■ WORK REQUIRED
A copy of the listing below is needed, exact in every line and without images.

● ● ● ● ●

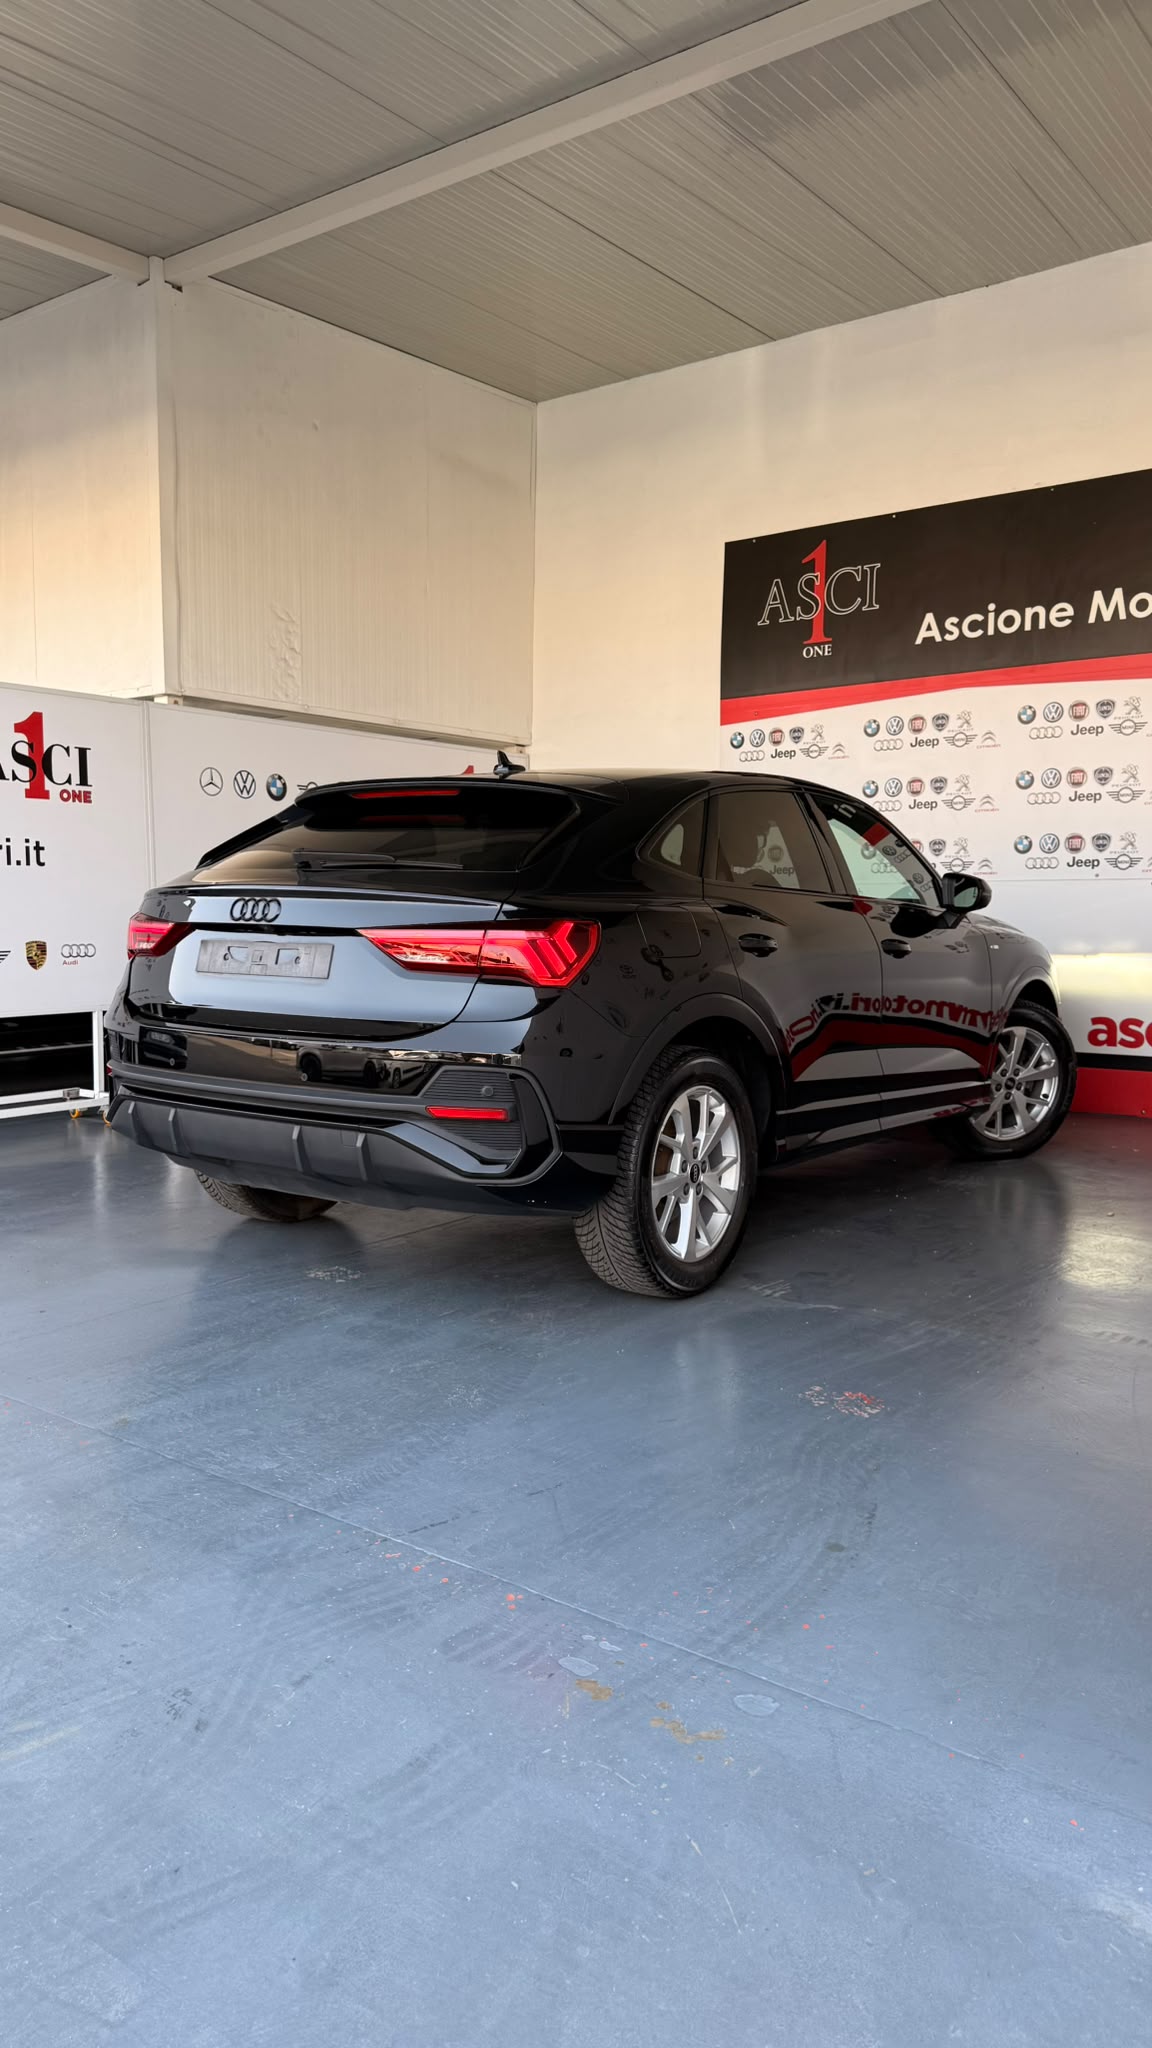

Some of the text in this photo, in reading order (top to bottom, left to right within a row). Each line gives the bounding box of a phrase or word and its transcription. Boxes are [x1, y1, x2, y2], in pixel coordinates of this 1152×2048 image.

[915, 602, 1075, 645] Ascione
[802, 644, 832, 659] ONE
[1070, 724, 1104, 736] Jeep
[910, 737, 939, 748] Jeep
[770, 748, 796, 759] Jeep
[59, 788, 92, 804] ONE
[1068, 790, 1102, 803] Jeep
[908, 799, 938, 811] Jeep
[0, 837, 46, 867] i.it
[1066, 856, 1100, 869] Jeep
[769, 865, 795, 877] Jeep
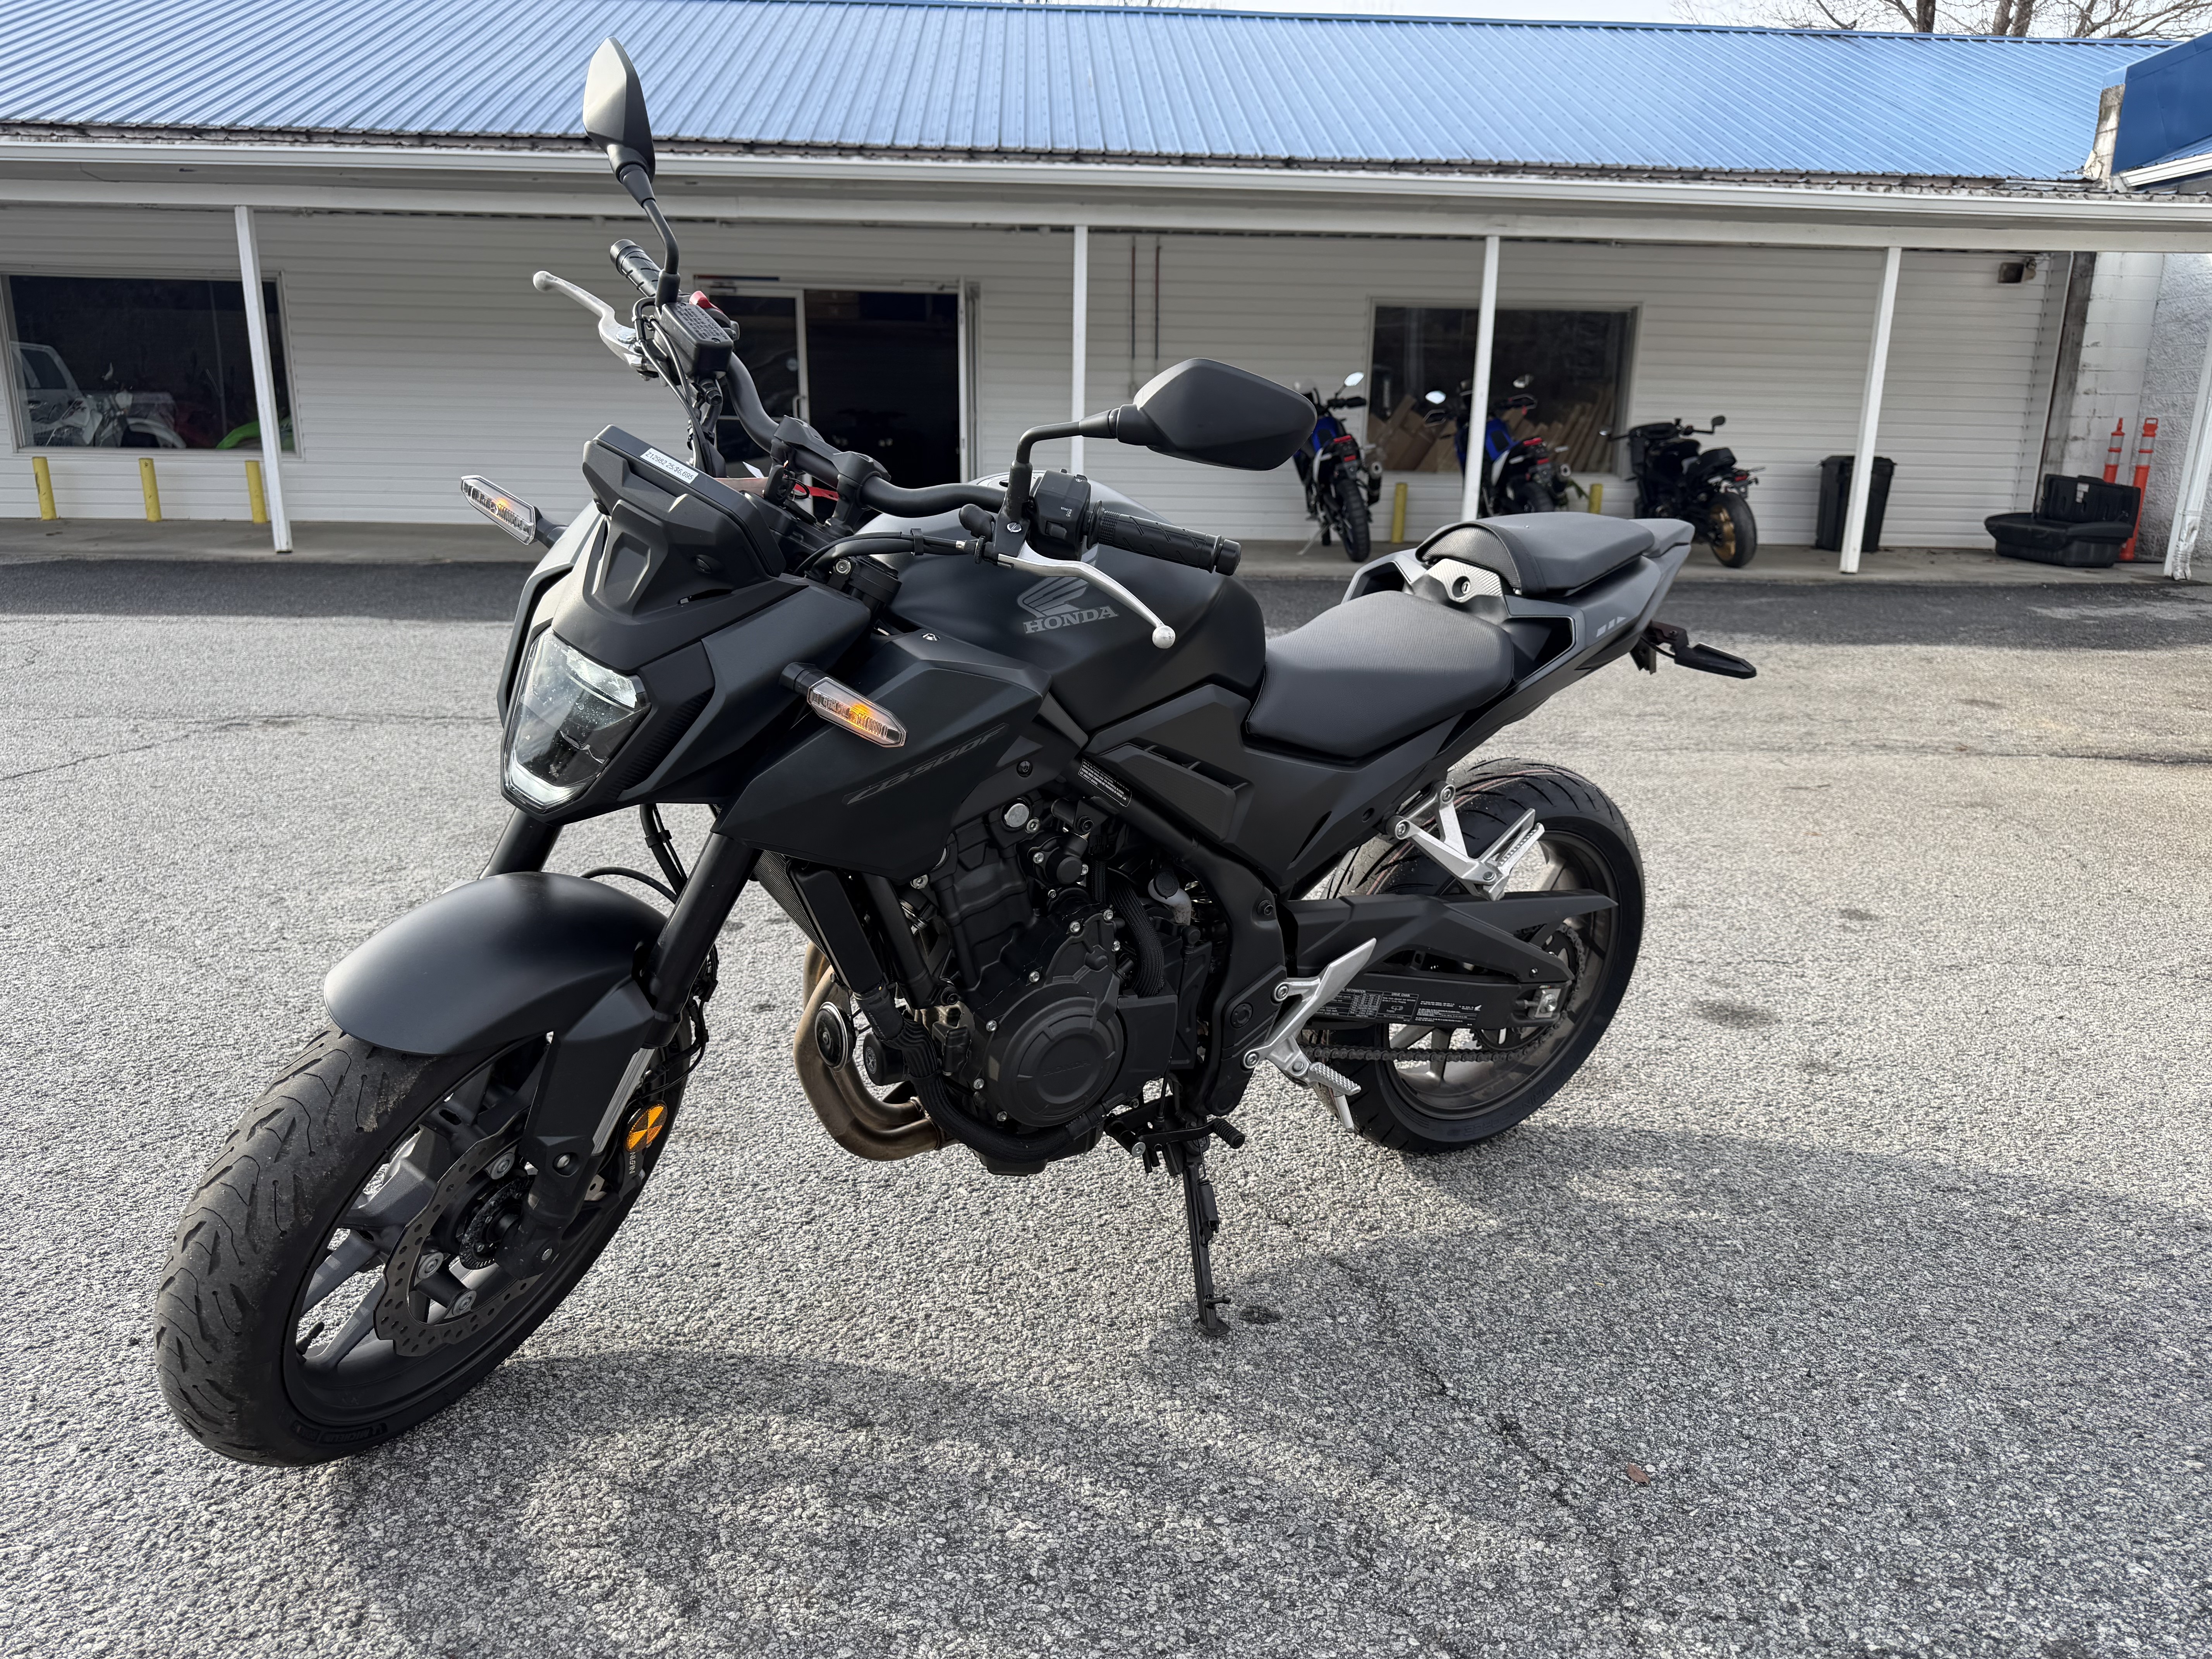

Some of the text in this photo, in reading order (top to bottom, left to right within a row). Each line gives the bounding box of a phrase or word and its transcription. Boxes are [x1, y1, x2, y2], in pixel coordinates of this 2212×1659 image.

[645, 452, 694, 480] Z12982 25/$6,695
[1023, 606, 1118, 634] HONDA
[847, 725, 1006, 805] CB500F
[1043, 1060, 1091, 1076] HONDA
[324, 1428, 370, 1442] MICHELIN

● ● ● ● ●

■ RESPONSE BOX
Some of the text in this photo, in reading order (top to bottom, left to right within a row). Each line gives the bounding box of a phrase or word and its transcription. Boxes are [x1, y1, x2, y2], in pixel coordinates of this 1152×2048 image.

[915, 602, 1075, 645] Ascione
[802, 644, 832, 659] ONE
[1070, 724, 1104, 736] Jeep
[910, 737, 939, 748] Jeep
[770, 748, 796, 759] Jeep
[59, 788, 92, 804] ONE
[1068, 790, 1102, 803] Jeep
[908, 799, 938, 811] Jeep
[0, 837, 46, 867] i.it
[1066, 856, 1100, 869] Jeep
[769, 865, 795, 877] Jeep

Some of the text in this photo, in reading order (top to bottom, left to right within a row). Each line gives the bounding box of a phrase or word and its transcription. Boxes are [x1, y1, x2, y2], in pixel coordinates of this 2212×1659 image.

[645, 452, 694, 480] Z12982 25/$6,695
[1023, 606, 1118, 634] HONDA
[847, 725, 1006, 805] CB500F
[1043, 1060, 1091, 1076] HONDA
[324, 1428, 370, 1442] MICHELIN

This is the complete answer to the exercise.